● Saved entries
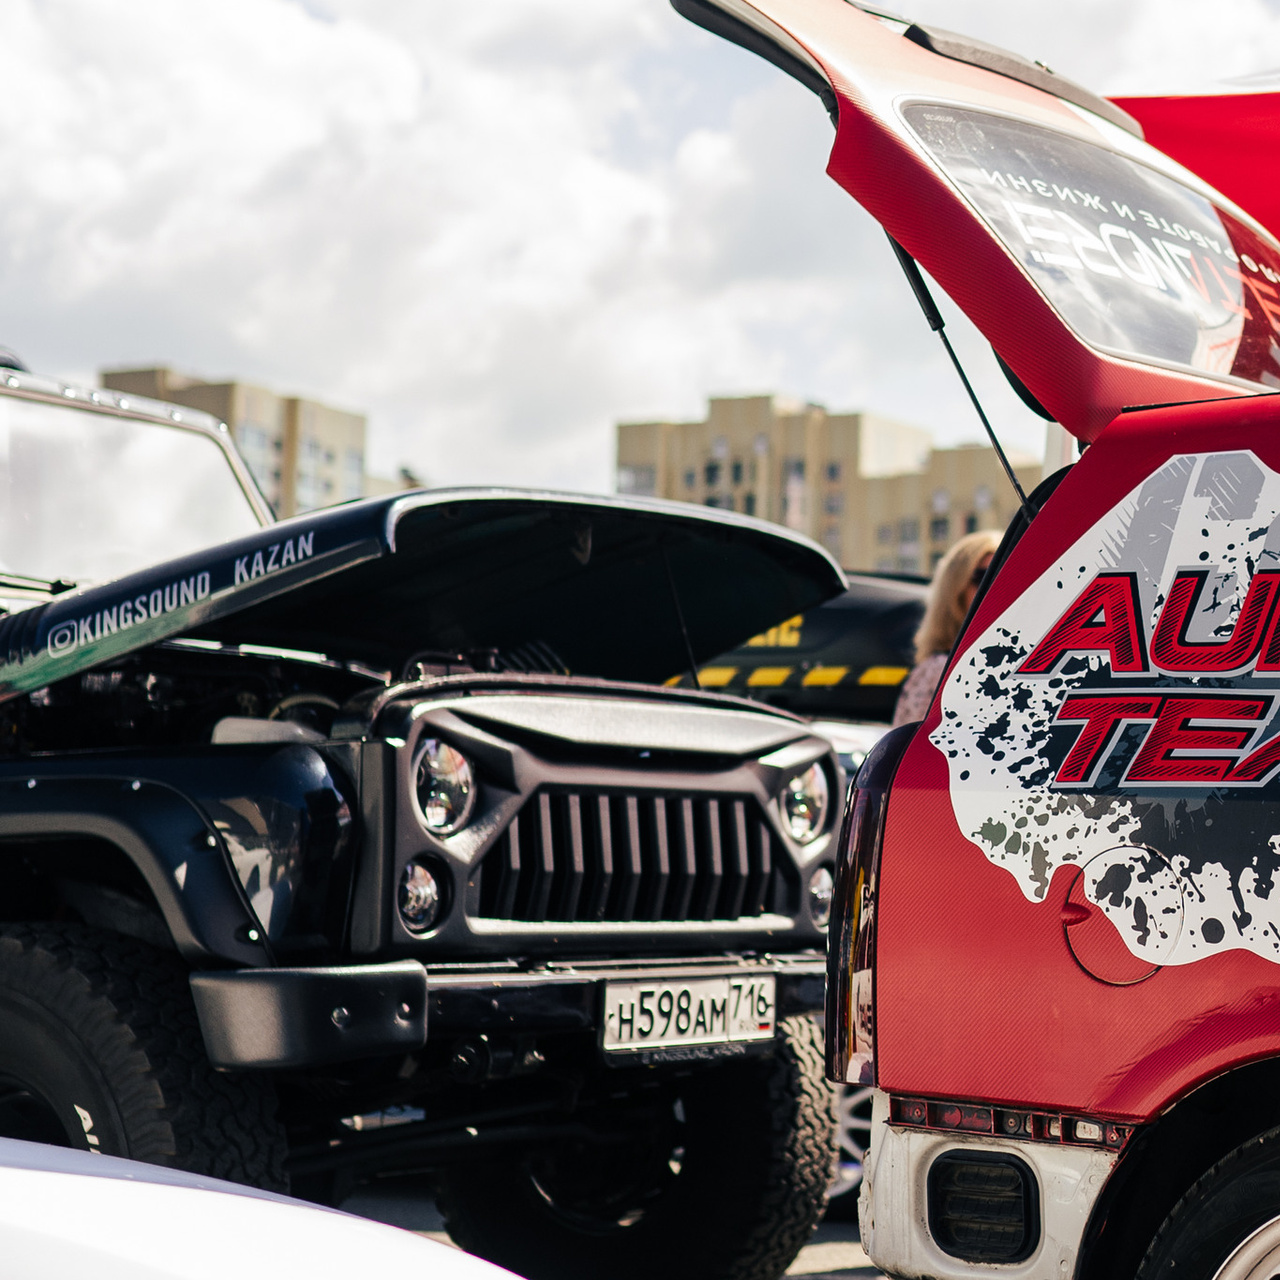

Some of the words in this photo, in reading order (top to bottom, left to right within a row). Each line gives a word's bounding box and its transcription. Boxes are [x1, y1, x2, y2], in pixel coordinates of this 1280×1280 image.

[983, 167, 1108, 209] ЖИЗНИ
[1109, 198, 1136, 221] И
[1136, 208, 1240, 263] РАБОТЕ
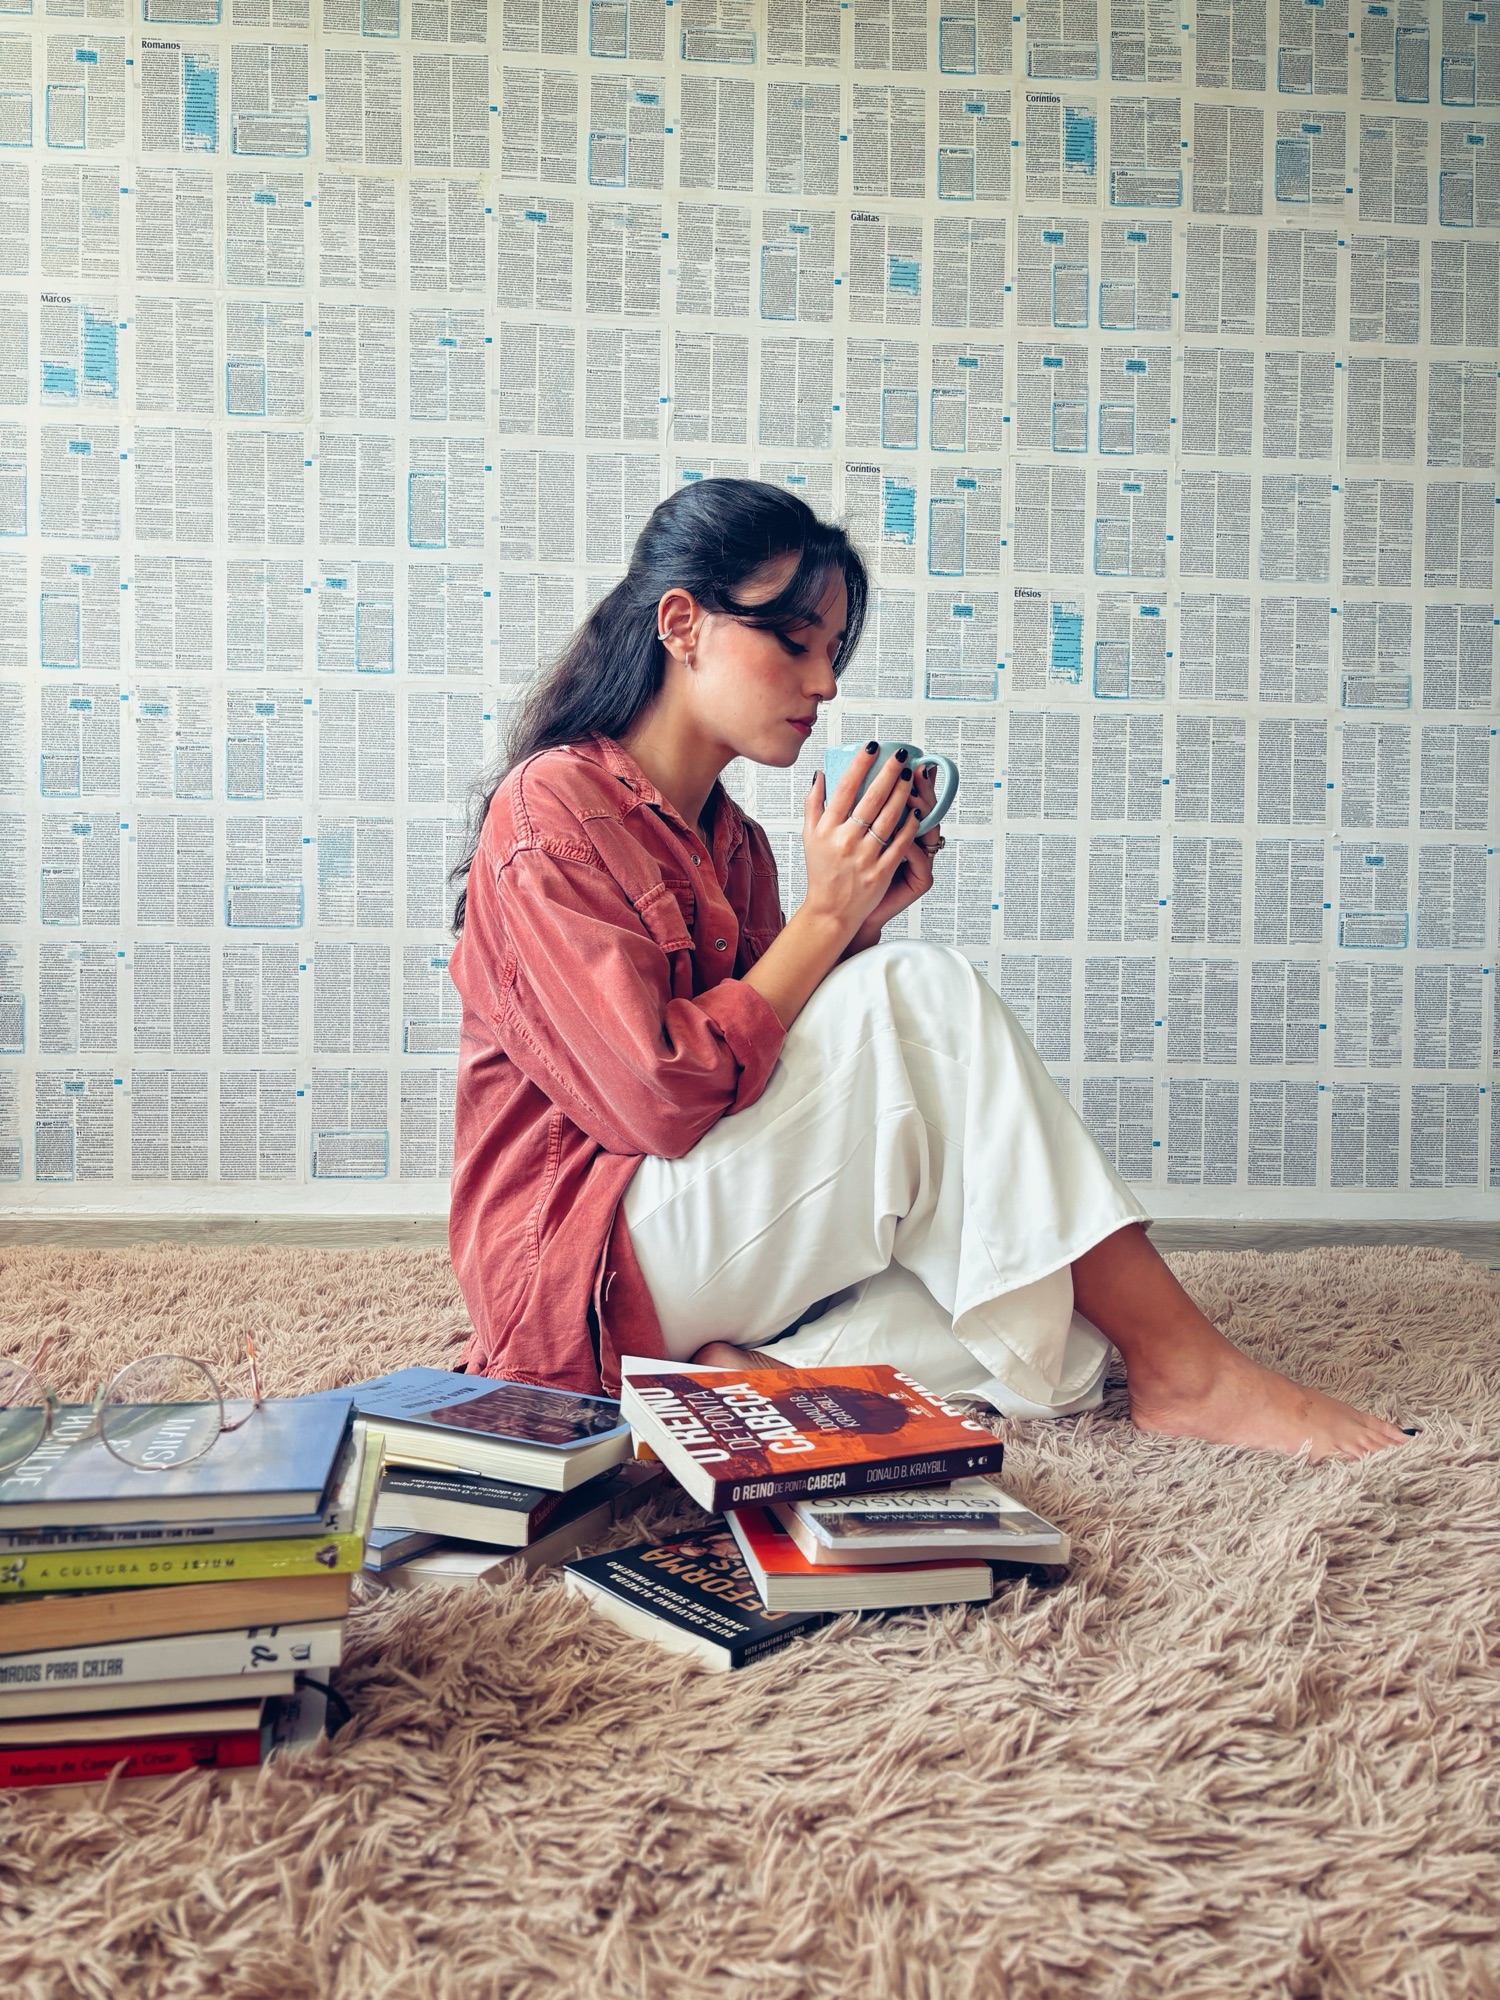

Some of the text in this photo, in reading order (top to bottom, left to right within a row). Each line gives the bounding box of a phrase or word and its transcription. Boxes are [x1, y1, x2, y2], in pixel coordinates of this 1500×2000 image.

● Problem to work on
Reproduce every record above word for word. Leave the pictures out.

● Output below
Some of the words in this photo, in reading order (top to bottom, left to right within a row). Each line gives a word's bounding box and its transcription. Boxes are [x1, y1, x2, y2], in pixel coordinates of this 1280×1280 image.

[983, 167, 1108, 209] ЖИЗНИ
[1109, 198, 1136, 221] И
[1136, 208, 1240, 263] РАБОТЕ

Some of the text in this photo, in reading order (top to bottom, left to right within a row). Each line gives the bounding box of a phrase or word and its transcription. Boxes are [x1, y1, x2, y2], in pixel coordinates of this 1500×2000 image.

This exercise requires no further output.